» **Aim of the task**
Copy the entries below word for word, minus the pictures.

» **Spatial localization data**
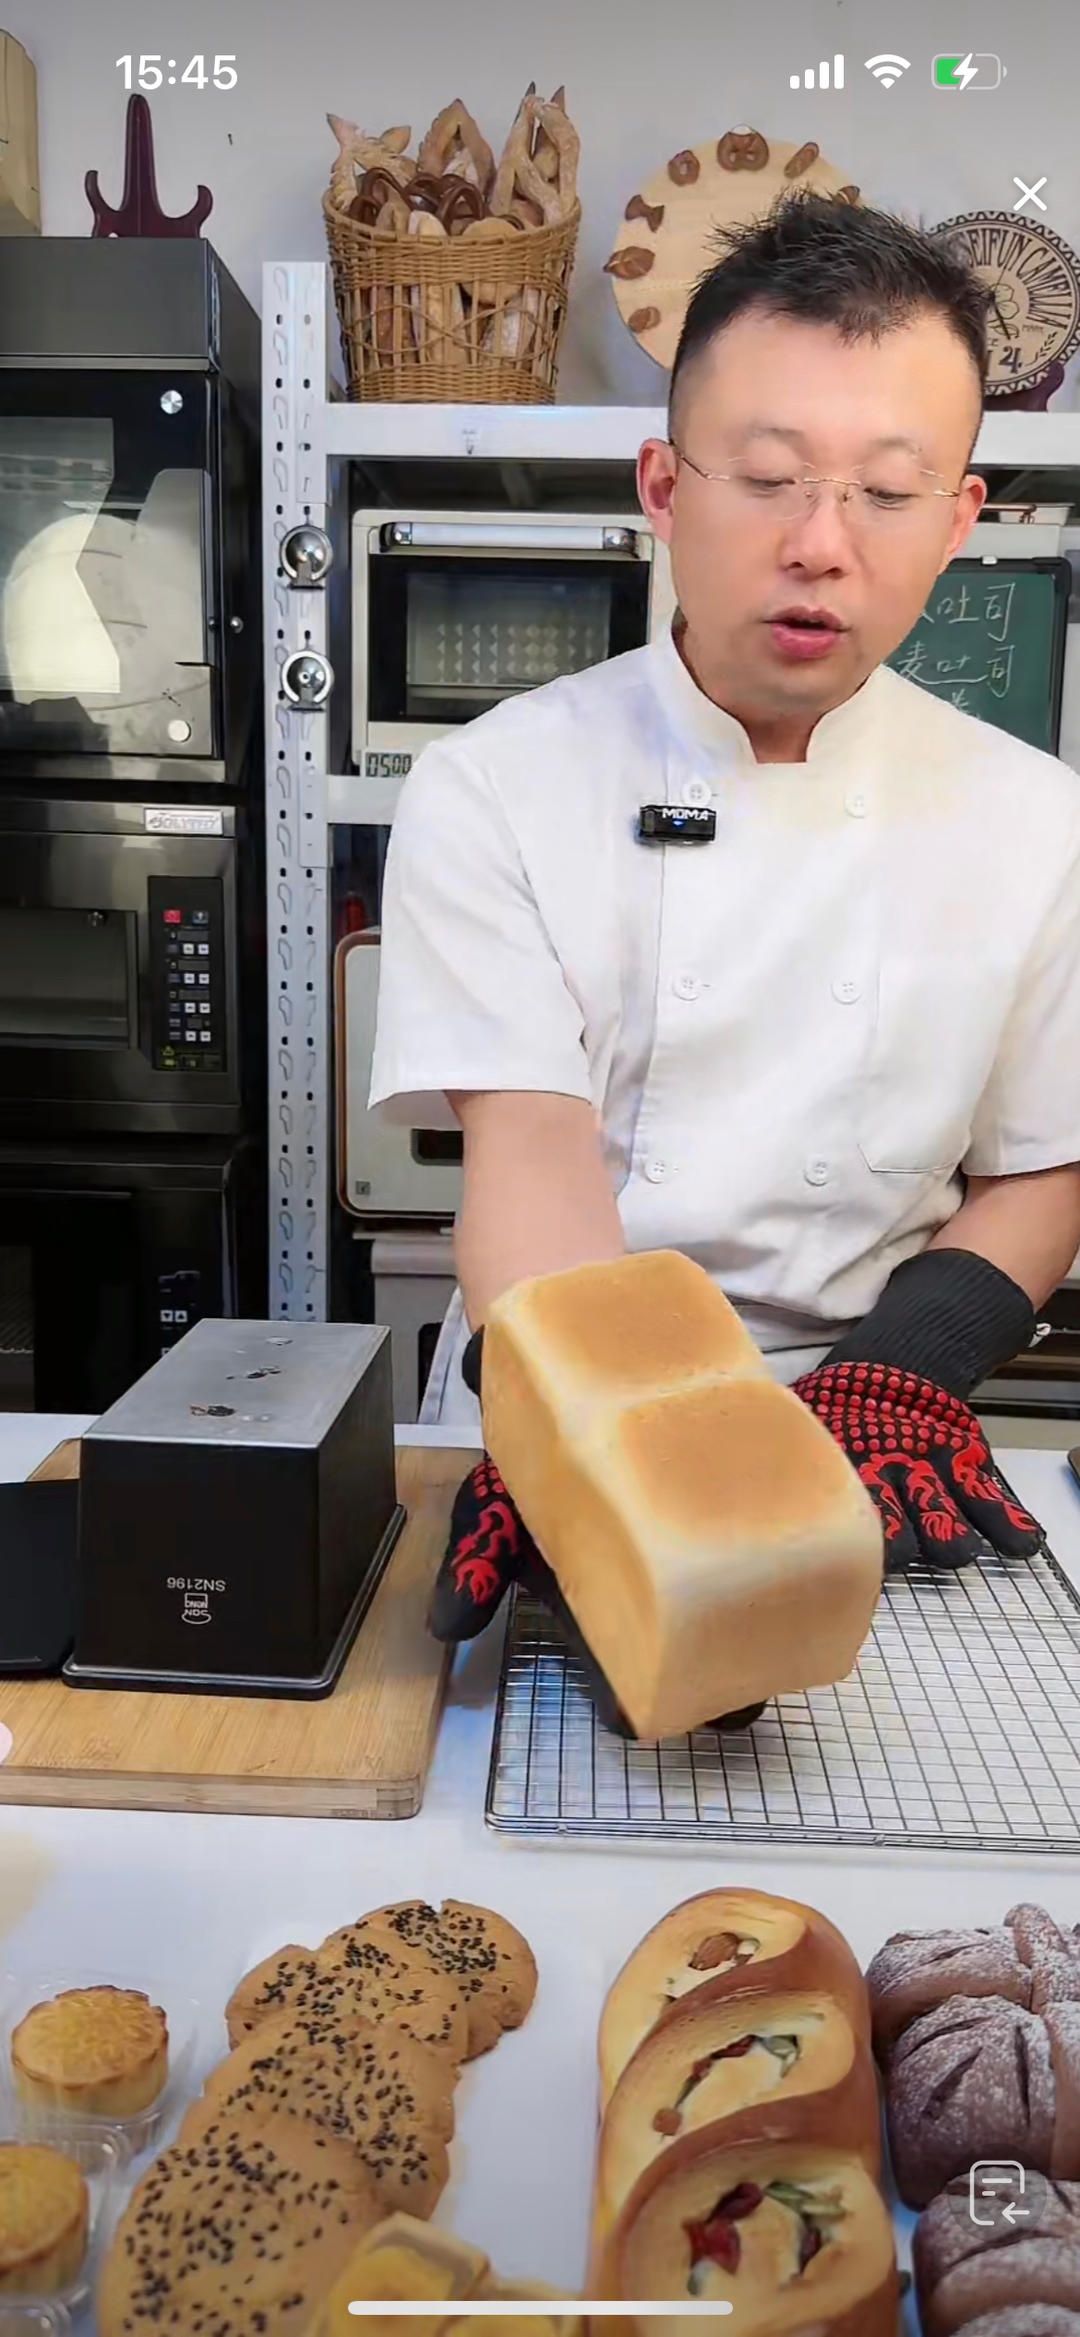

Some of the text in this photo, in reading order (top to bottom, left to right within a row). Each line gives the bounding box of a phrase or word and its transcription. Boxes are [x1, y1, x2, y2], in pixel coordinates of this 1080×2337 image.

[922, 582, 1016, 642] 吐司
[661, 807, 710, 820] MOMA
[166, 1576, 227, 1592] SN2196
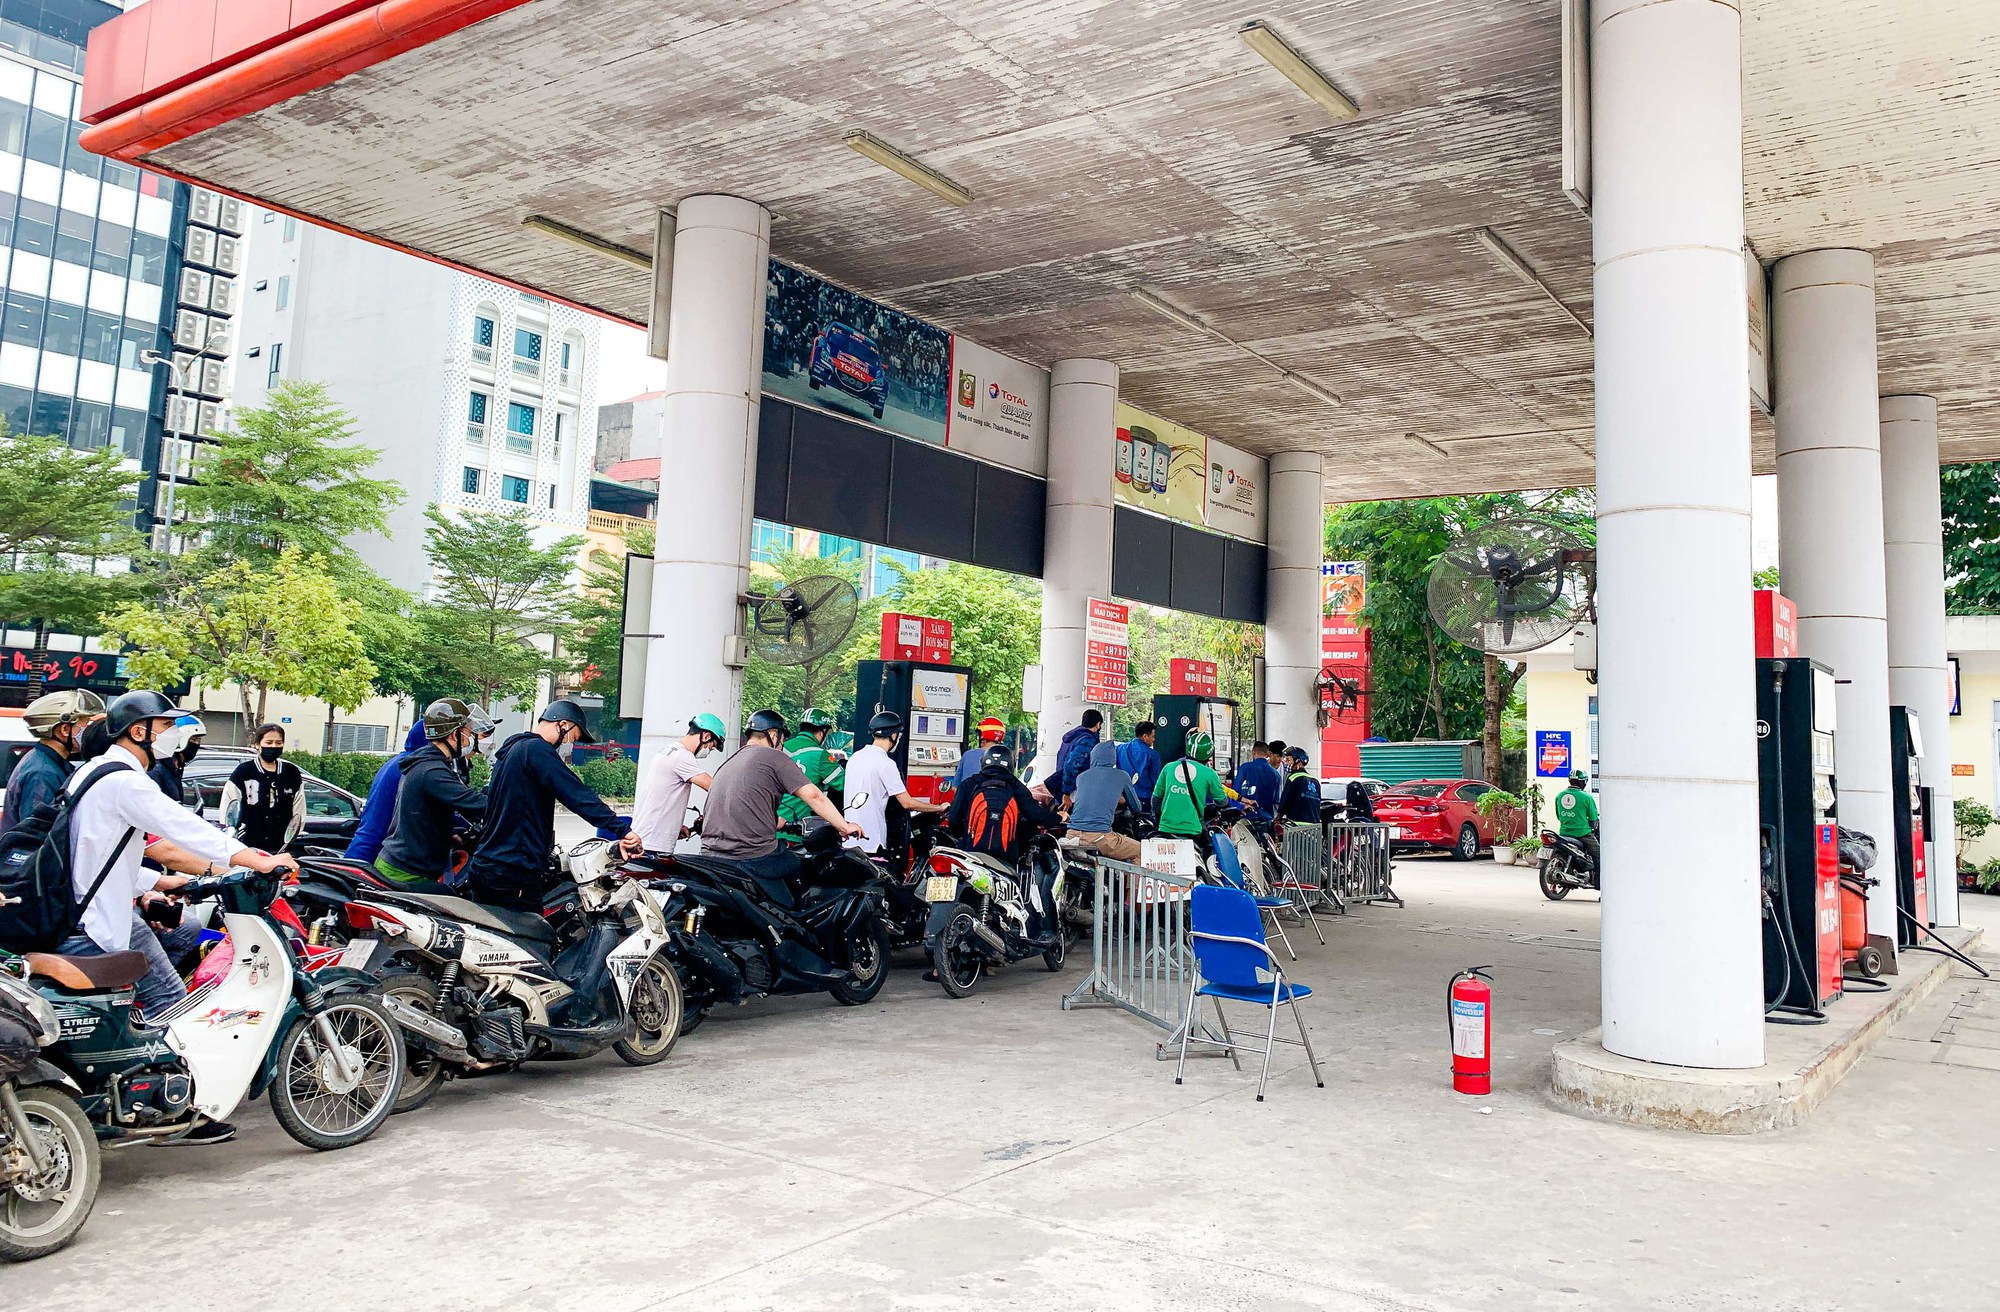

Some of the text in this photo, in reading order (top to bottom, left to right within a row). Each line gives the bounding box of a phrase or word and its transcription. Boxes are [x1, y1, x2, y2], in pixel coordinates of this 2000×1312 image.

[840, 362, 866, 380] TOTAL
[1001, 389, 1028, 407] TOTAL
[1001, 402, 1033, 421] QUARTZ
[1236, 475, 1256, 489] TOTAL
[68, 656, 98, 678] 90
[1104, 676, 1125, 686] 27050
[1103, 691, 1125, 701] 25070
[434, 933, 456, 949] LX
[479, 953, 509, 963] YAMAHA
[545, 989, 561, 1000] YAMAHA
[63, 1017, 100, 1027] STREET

» **Response for this exercise**
Some of the text in this photo, in reading order (top to bottom, left to right within a row). Each line gives the bounding box of a phrase or word and its transcription. Boxes are [x1, y1, x2, y2], in pixel coordinates of this 1080×2337 image.

[922, 582, 1016, 642] 吐司
[661, 807, 710, 820] MOMA
[166, 1576, 227, 1592] SN2196

Some of the text in this photo, in reading order (top to bottom, left to right within a row). Each line gives the bounding box of a phrase or word and its transcription. Boxes are [x1, y1, x2, y2], in pixel coordinates of this 2000×1312 image.

[840, 362, 866, 380] TOTAL
[1001, 389, 1028, 407] TOTAL
[1001, 402, 1033, 421] QUARTZ
[1236, 475, 1256, 489] TOTAL
[68, 656, 98, 678] 90
[1104, 676, 1125, 686] 27050
[1103, 691, 1125, 701] 25070
[434, 933, 456, 949] LX
[479, 953, 509, 963] YAMAHA
[545, 989, 561, 1000] YAMAHA
[63, 1017, 100, 1027] STREET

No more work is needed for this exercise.